Source data —

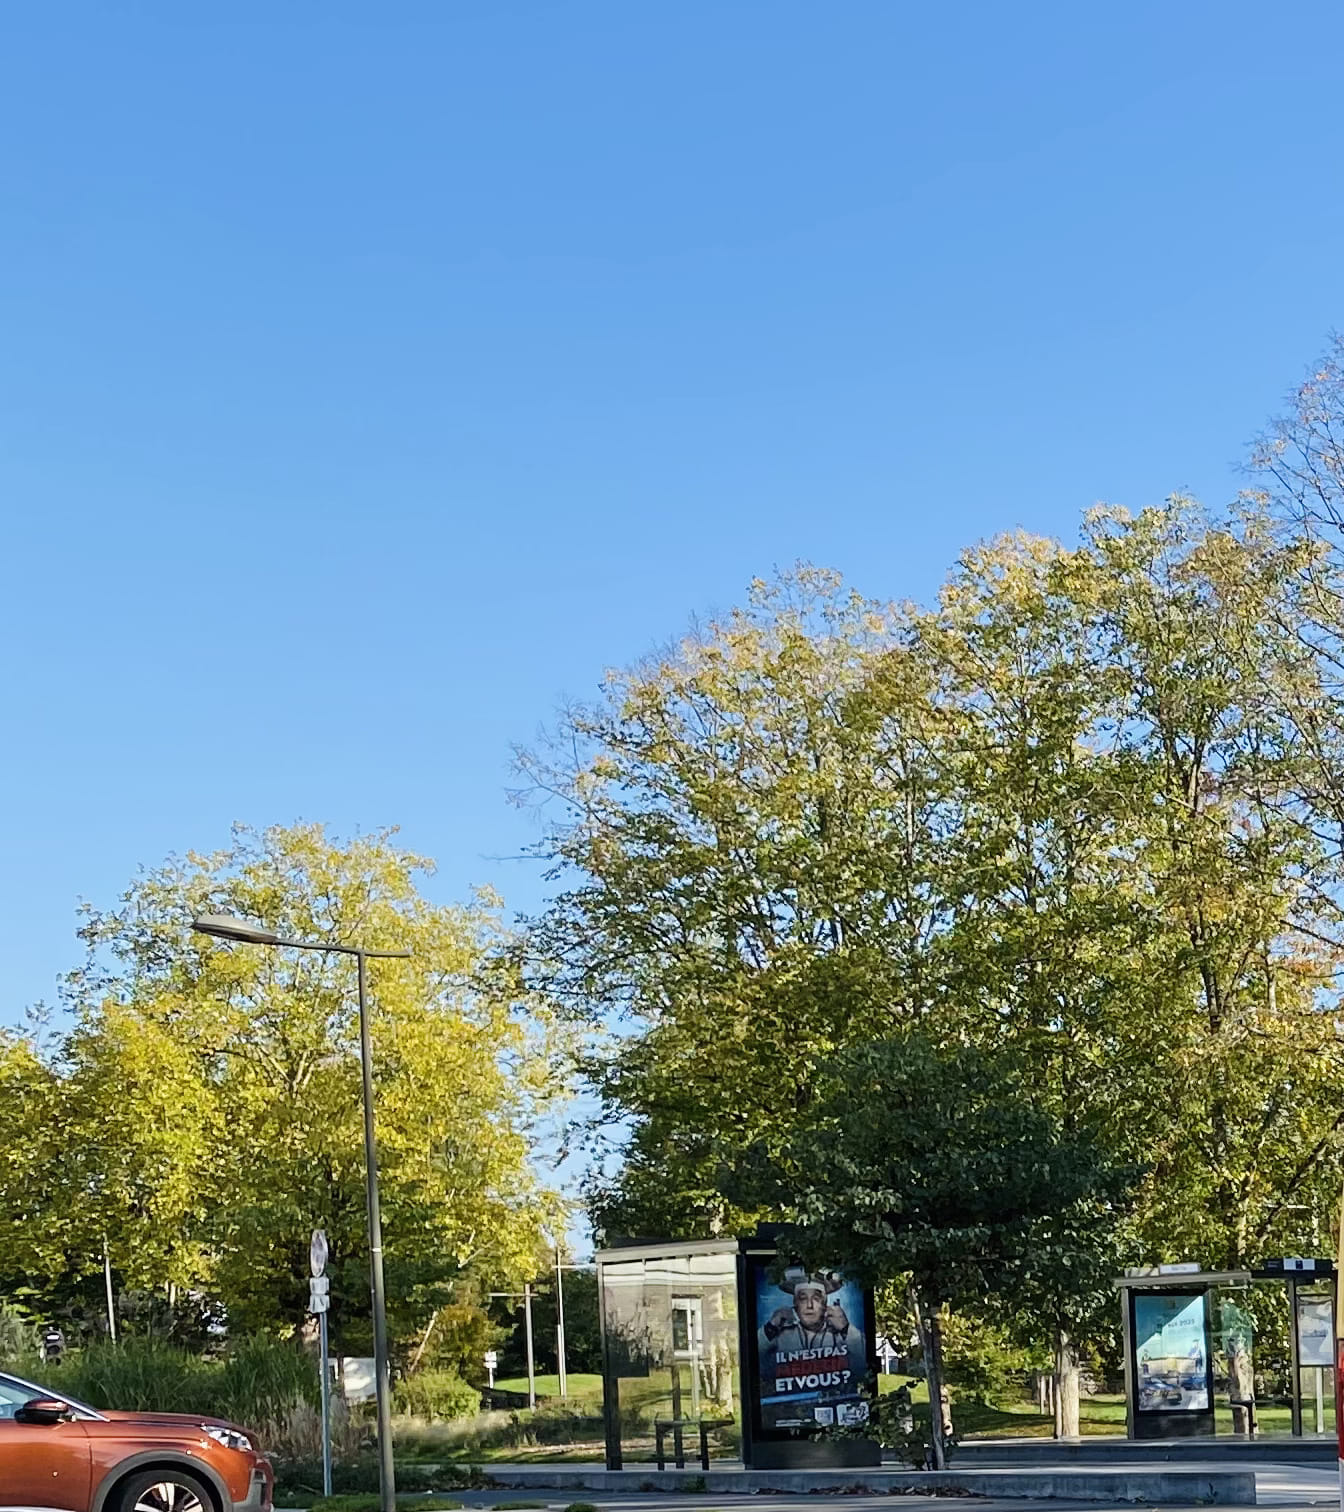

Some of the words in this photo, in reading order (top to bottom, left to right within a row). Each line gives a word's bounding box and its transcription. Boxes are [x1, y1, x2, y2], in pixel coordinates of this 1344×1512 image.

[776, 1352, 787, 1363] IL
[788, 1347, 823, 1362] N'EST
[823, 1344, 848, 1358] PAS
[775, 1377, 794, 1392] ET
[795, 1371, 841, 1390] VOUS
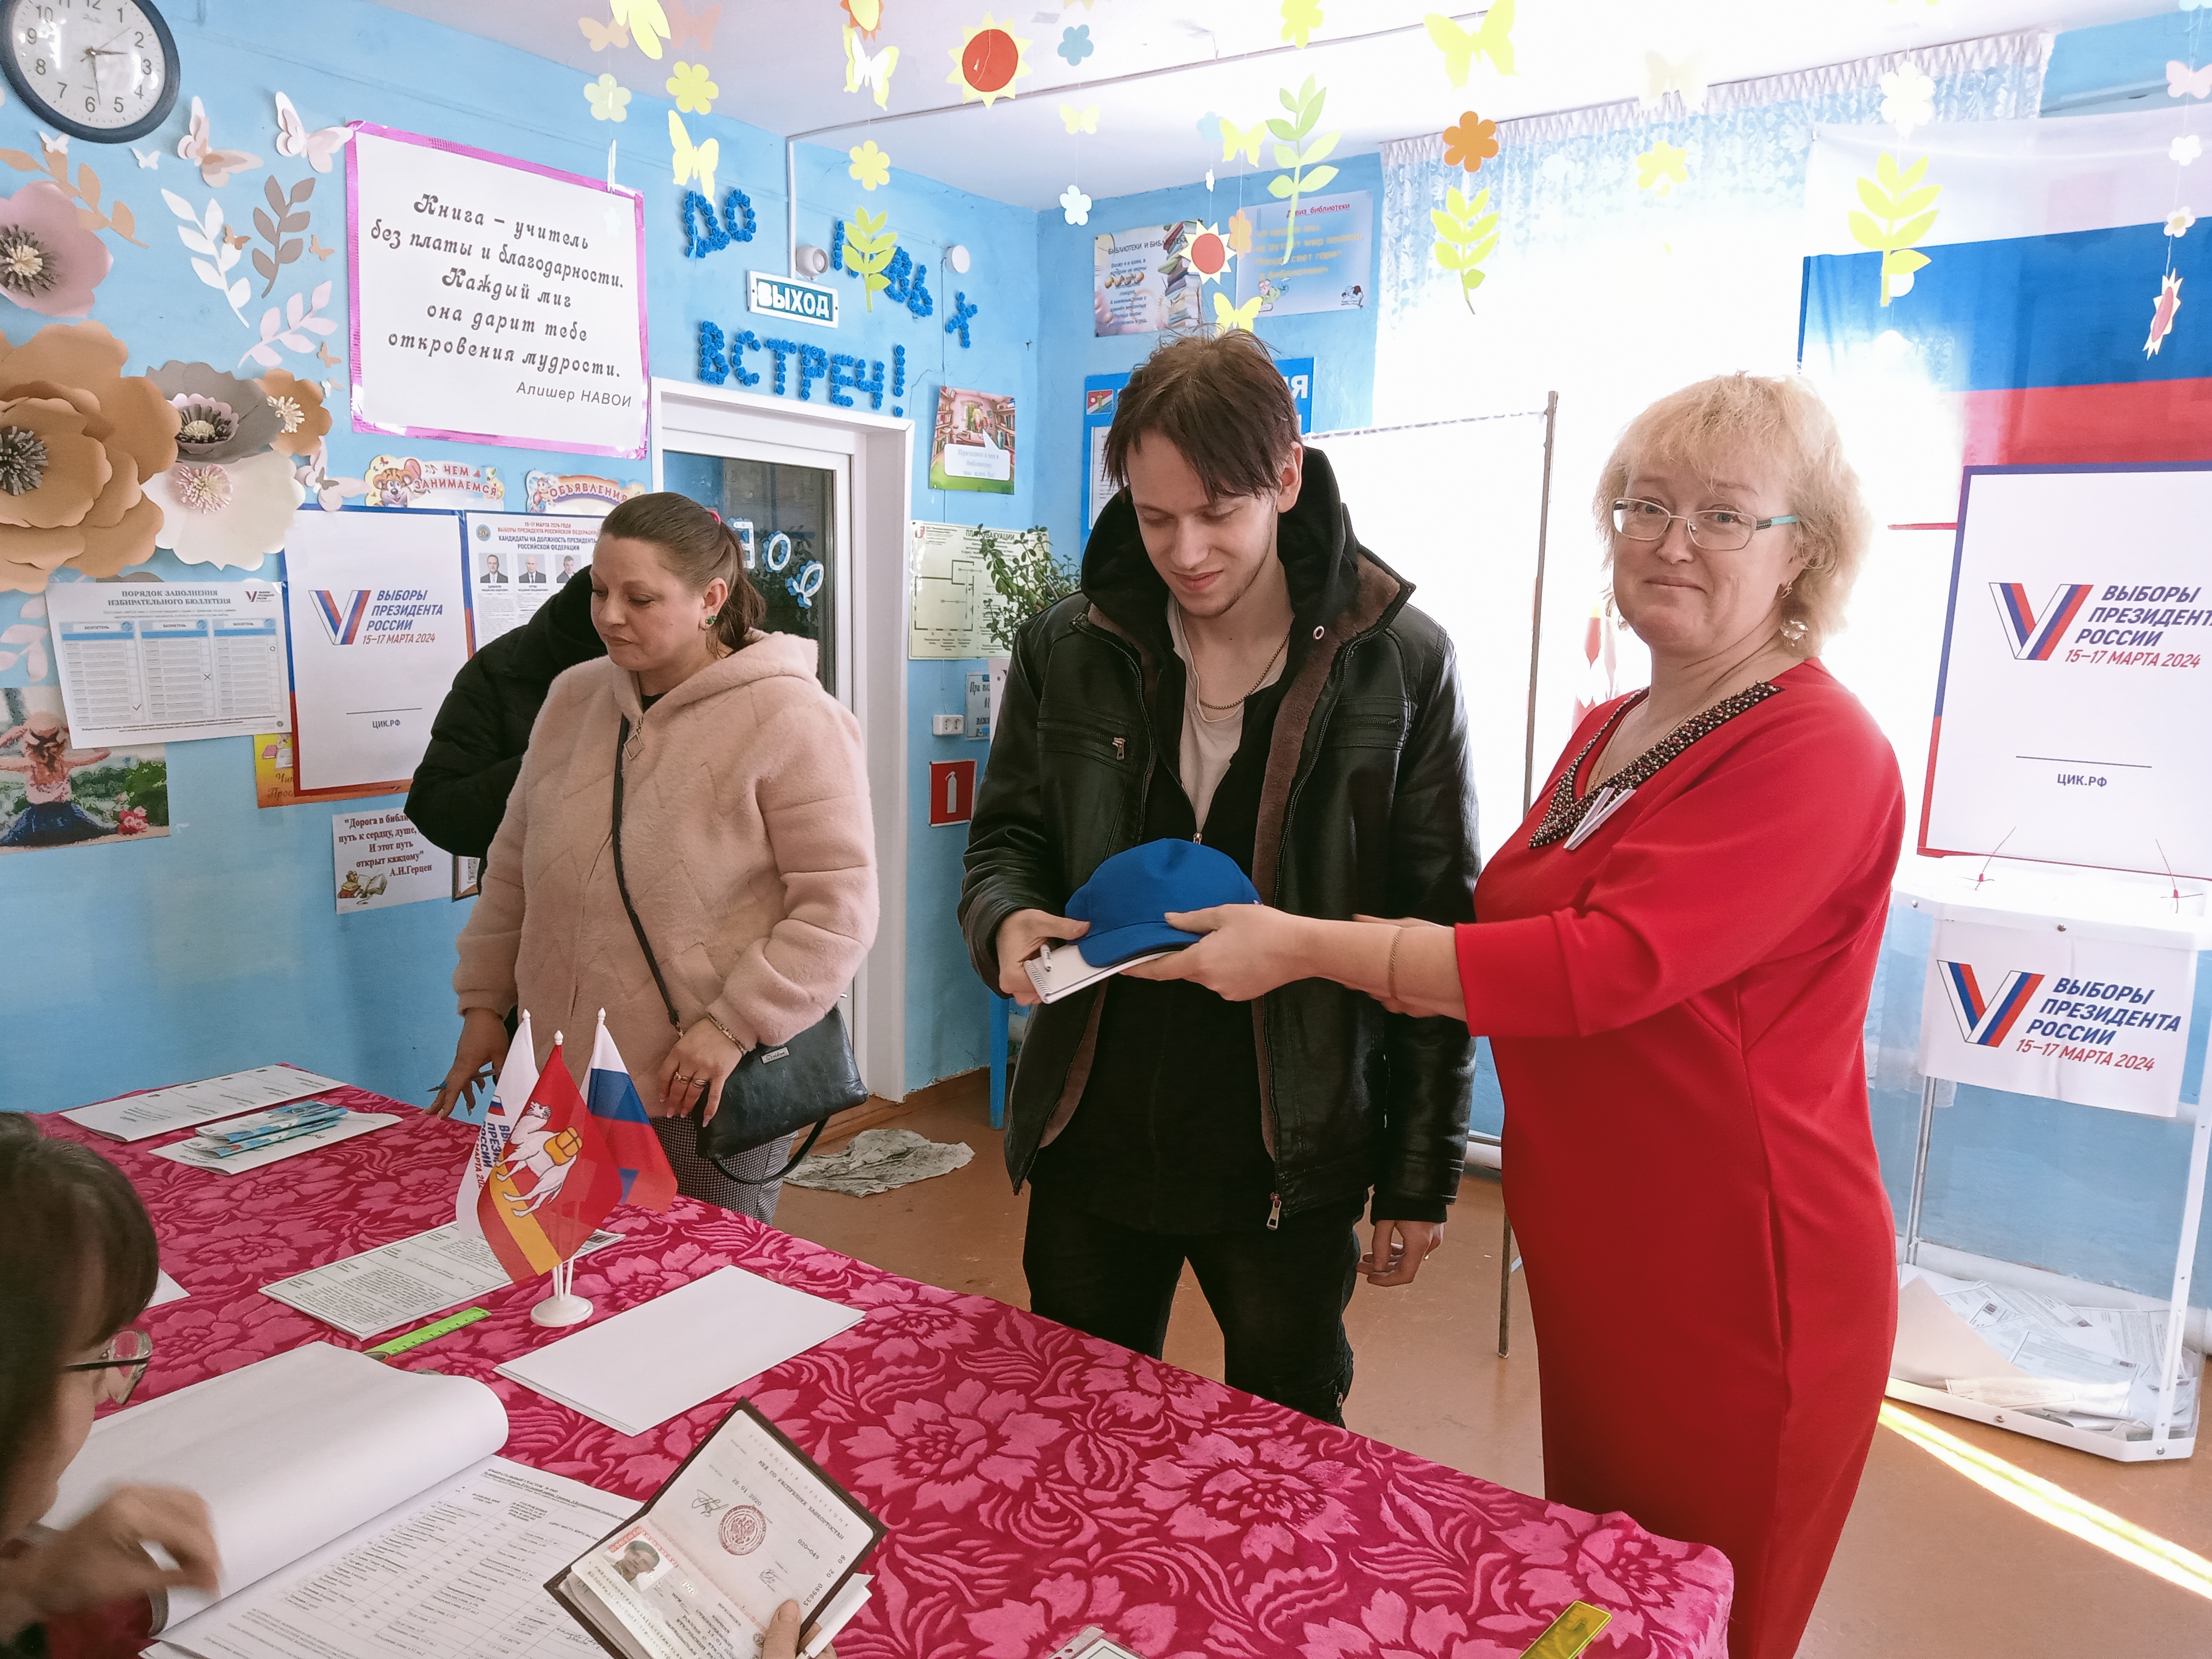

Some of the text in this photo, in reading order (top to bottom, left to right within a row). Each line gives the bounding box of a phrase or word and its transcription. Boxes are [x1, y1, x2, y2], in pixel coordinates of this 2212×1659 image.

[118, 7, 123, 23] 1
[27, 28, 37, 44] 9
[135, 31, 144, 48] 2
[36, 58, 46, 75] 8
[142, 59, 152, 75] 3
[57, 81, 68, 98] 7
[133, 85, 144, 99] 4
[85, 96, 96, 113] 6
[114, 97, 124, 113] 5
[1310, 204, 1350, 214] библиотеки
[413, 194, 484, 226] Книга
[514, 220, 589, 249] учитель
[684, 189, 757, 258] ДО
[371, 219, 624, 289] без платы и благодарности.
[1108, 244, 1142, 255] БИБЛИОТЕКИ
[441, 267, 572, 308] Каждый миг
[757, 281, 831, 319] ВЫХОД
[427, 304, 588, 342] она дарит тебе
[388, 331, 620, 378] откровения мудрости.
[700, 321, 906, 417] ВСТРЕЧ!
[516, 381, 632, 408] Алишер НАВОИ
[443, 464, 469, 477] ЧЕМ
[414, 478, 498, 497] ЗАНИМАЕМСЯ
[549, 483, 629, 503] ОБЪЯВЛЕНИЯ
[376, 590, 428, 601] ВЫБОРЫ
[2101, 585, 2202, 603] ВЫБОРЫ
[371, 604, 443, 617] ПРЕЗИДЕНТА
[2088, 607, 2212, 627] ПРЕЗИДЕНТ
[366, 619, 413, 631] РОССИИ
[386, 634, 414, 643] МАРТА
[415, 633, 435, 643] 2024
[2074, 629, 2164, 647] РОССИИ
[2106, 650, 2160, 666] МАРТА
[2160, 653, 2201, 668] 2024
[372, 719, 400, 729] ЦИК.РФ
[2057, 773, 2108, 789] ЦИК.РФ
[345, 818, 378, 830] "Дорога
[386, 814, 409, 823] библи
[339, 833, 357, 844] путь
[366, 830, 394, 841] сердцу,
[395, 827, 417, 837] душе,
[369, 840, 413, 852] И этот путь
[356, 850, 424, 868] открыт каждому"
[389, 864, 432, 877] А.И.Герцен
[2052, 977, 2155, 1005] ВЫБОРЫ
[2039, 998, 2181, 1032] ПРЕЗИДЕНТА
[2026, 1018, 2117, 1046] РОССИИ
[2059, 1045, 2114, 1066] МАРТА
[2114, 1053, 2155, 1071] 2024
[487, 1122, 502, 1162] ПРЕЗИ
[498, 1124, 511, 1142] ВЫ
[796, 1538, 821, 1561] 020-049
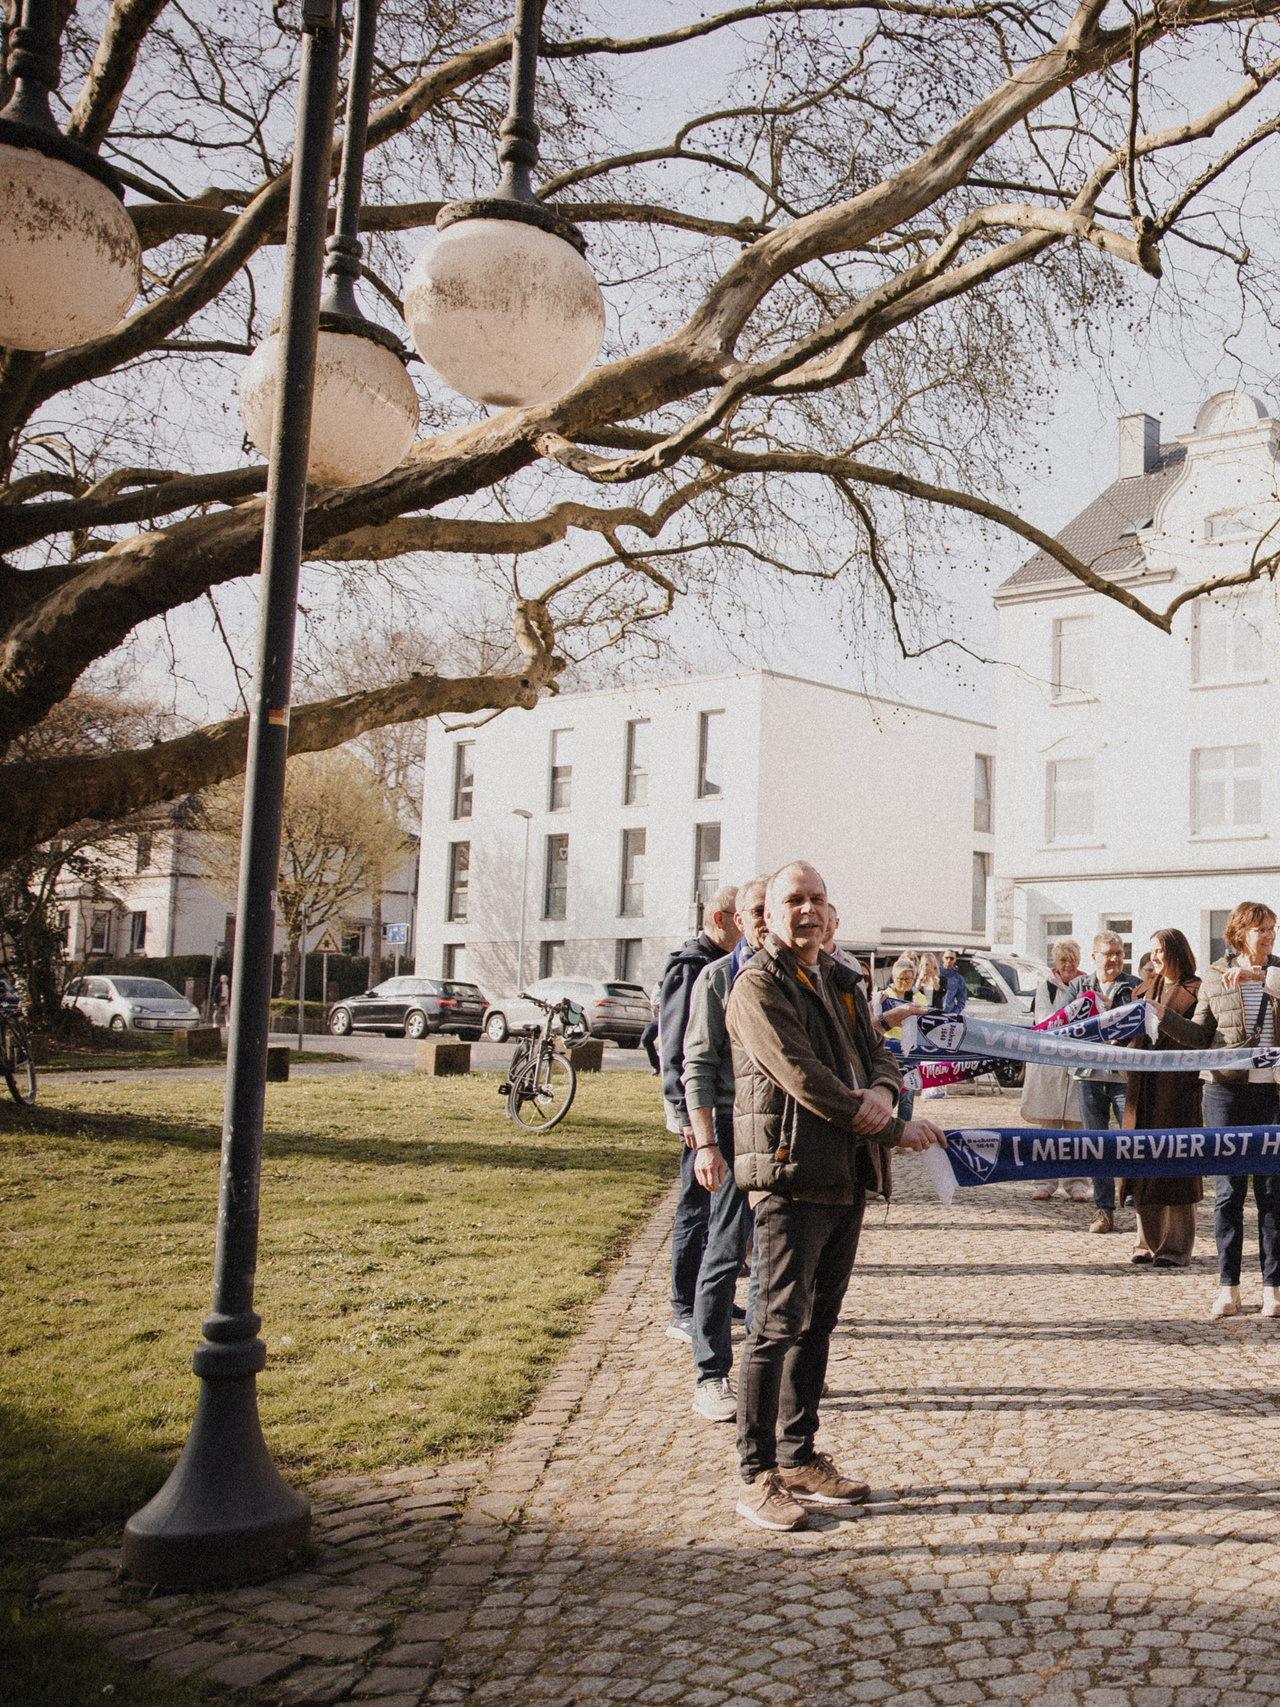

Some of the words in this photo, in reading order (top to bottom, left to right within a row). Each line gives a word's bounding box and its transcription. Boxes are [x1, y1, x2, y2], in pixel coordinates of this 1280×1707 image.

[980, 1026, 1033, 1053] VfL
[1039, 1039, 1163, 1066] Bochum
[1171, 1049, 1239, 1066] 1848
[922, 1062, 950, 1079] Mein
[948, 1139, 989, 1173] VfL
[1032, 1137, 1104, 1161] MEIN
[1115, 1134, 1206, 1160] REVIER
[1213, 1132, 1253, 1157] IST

PROBLEM REQUIREMENTS — An exact reprint of the records above is required, with all pictures left out.

TASK OUTPUT —
Some of the words in this photo, in reading order (top to bottom, left to right within a row). Each line gives a word's bounding box and its transcription. Boxes are [x1, y1, x2, y2], in pixel coordinates of this 1344×1512 image.

[776, 1352, 787, 1363] IL
[788, 1347, 823, 1362] N'EST
[823, 1344, 848, 1358] PAS
[775, 1377, 794, 1392] ET
[795, 1371, 841, 1390] VOUS

Some of the text in this photo, in reading order (top to bottom, left to right within a row). Each line gives the bounding box of a phrase or word and its transcription. Boxes are [x1, y1, x2, y2], in pixel coordinates of this 2212×1659 image.

[118, 7, 123, 23] 1
[27, 28, 37, 44] 9
[135, 31, 144, 48] 2
[36, 58, 46, 75] 8
[142, 59, 152, 75] 3
[57, 81, 68, 98] 7
[133, 85, 144, 99] 4
[85, 96, 96, 113] 6
[114, 97, 124, 113] 5
[1310, 204, 1350, 214] библиотеки
[413, 194, 484, 226] Книга
[514, 220, 589, 249] учитель
[684, 189, 757, 258] ДО
[371, 219, 624, 289] без платы и благодарности.
[1108, 244, 1142, 255] БИБЛИОТЕКИ
[441, 267, 572, 308] Каждый миг
[757, 281, 831, 319] ВЫХОД
[427, 304, 588, 342] она дарит тебе
[388, 331, 620, 378] откровения мудрости.
[700, 321, 906, 417] ВСТРЕЧ!
[516, 381, 632, 408] Алишер НАВОИ
[443, 464, 469, 477] ЧЕМ
[414, 478, 498, 497] ЗАНИМАЕМСЯ
[549, 483, 629, 503] ОБЪЯВЛЕНИЯ
[376, 590, 428, 601] ВЫБОРЫ
[2101, 585, 2202, 603] ВЫБОРЫ
[371, 604, 443, 617] ПРЕЗИДЕНТА
[2088, 607, 2212, 627] ПРЕЗИДЕНТ
[366, 619, 413, 631] РОССИИ
[386, 634, 414, 643] МАРТА
[415, 633, 435, 643] 2024
[2074, 629, 2164, 647] РОССИИ
[2106, 650, 2160, 666] МАРТА
[2160, 653, 2201, 668] 2024
[372, 719, 400, 729] ЦИК.РФ
[2057, 773, 2108, 789] ЦИК.РФ
[345, 818, 378, 830] "Дорога
[386, 814, 409, 823] библи
[339, 833, 357, 844] путь
[366, 830, 394, 841] сердцу,
[395, 827, 417, 837] душе,
[369, 840, 413, 852] И этот путь
[356, 850, 424, 868] открыт каждому"
[389, 864, 432, 877] А.И.Герцен
[2052, 977, 2155, 1005] ВЫБОРЫ
[2039, 998, 2181, 1032] ПРЕЗИДЕНТА
[2026, 1018, 2117, 1046] РОССИИ
[2059, 1045, 2114, 1066] МАРТА
[2114, 1053, 2155, 1071] 2024
[487, 1122, 502, 1162] ПРЕЗИ
[498, 1124, 511, 1142] ВЫ
[796, 1538, 821, 1561] 020-049

Some of the words in this photo, in reading order (top to bottom, left to right within a row). Each line gives a word's bounding box and its transcription. Boxes are [x1, y1, x2, y2], in pixel coordinates of this 1280×1707 image.

[980, 1026, 1033, 1053] VfL
[1039, 1039, 1163, 1066] Bochum
[1171, 1049, 1239, 1066] 1848
[922, 1062, 950, 1079] Mein
[948, 1139, 989, 1173] VfL
[1032, 1137, 1104, 1161] MEIN
[1115, 1134, 1206, 1160] REVIER
[1213, 1132, 1253, 1157] IST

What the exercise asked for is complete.